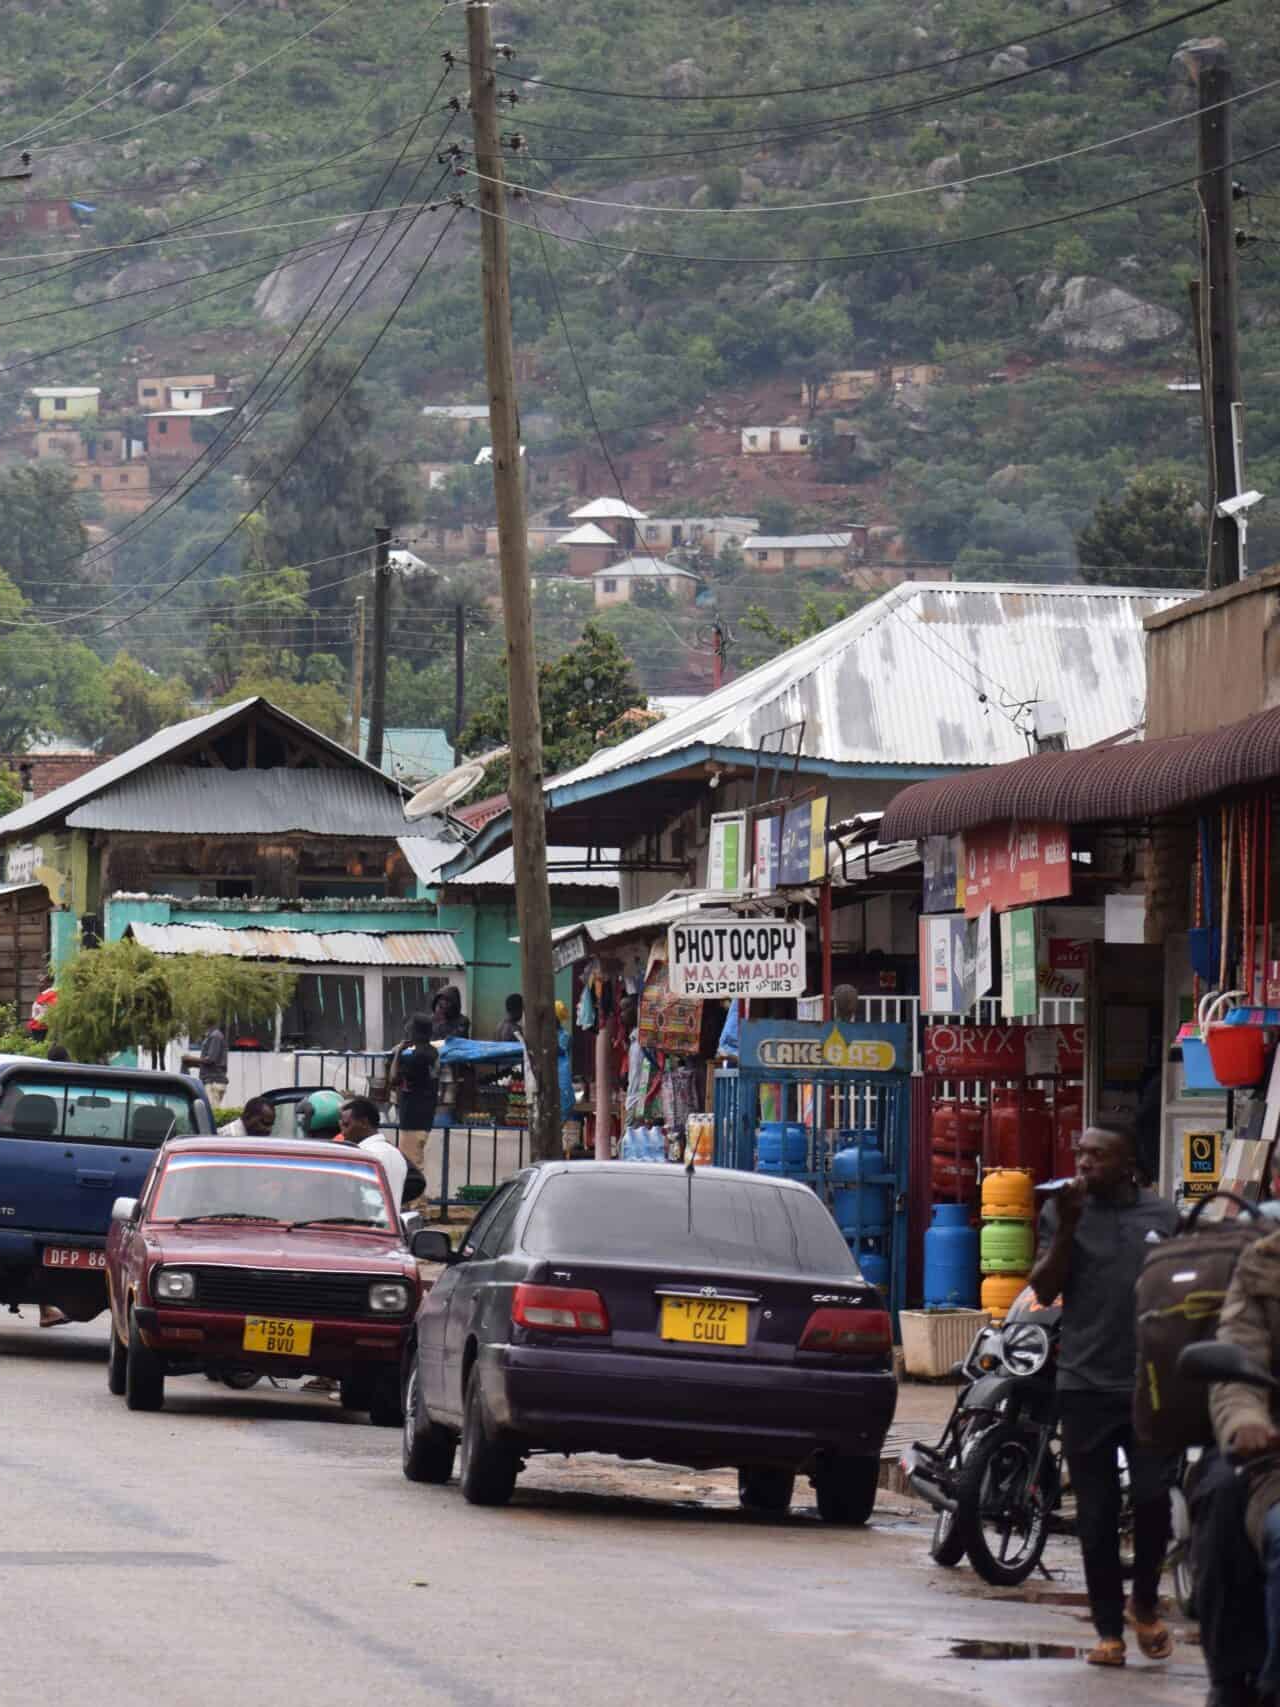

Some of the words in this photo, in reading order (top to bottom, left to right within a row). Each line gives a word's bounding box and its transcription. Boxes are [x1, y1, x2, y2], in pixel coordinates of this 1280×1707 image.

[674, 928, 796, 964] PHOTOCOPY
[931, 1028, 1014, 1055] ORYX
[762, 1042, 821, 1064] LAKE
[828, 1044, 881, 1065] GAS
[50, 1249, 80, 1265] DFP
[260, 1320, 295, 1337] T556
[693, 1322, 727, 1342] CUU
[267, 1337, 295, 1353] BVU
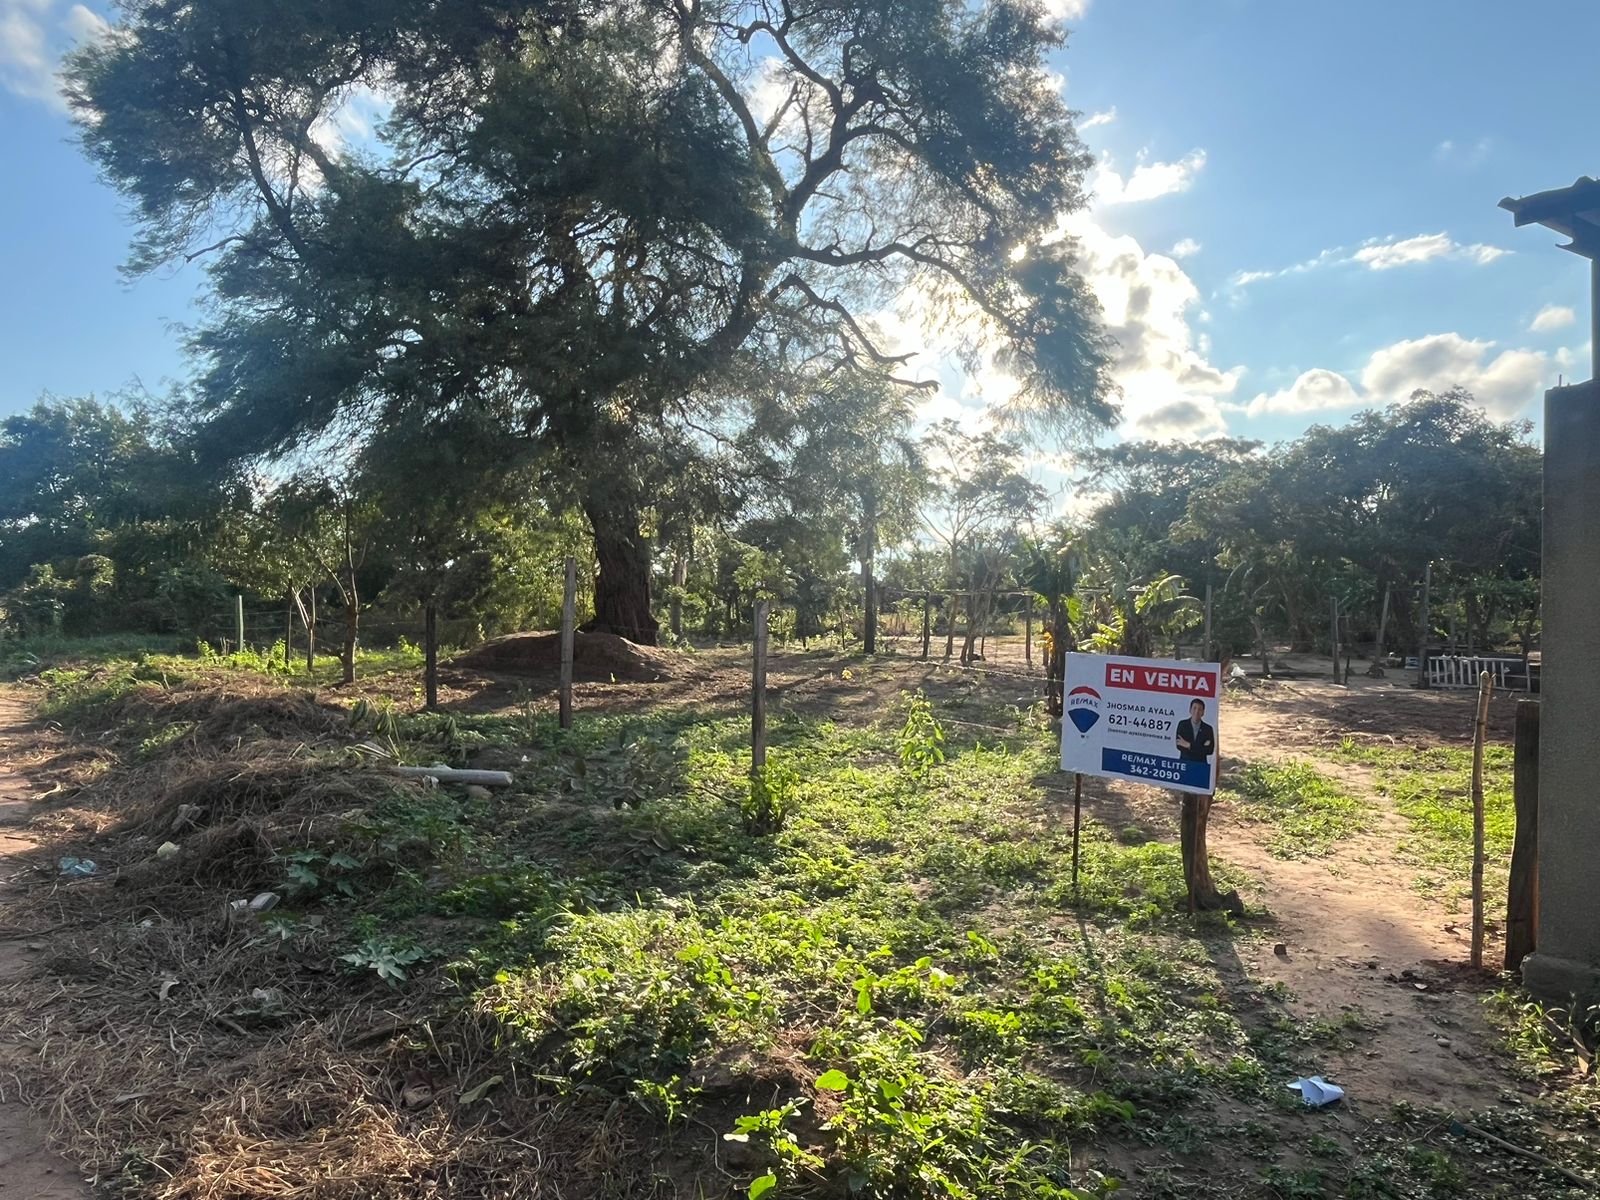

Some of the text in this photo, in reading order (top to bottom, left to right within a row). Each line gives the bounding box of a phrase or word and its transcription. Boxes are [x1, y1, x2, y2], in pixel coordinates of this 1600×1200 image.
——————
• YOUR TASK
The entries above, every one of them, should be retyped exactly, with no pictures carried over.

• WRITTEN SOLUTION
Some of the words in this photo, in reading order (top to bottom, left to right within a row). Each line gives a word's bounding box and its transcription. Boxes are [x1, y1, x2, y2], in pixel coordinates of this 1280×1707 image.

[674, 928, 796, 964] PHOTOCOPY
[931, 1028, 1014, 1055] ORYX
[762, 1042, 821, 1064] LAKE
[828, 1044, 881, 1065] GAS
[50, 1249, 80, 1265] DFP
[260, 1320, 295, 1337] T556
[693, 1322, 727, 1342] CUU
[267, 1337, 295, 1353] BVU

Some of the text in this photo, in reading order (top to bottom, left to right within a row). Each line gives the bounding box of a phrase or word and its transcription. Boxes are [x1, y1, x2, y2], in pixel coordinates of this 1600×1200 image.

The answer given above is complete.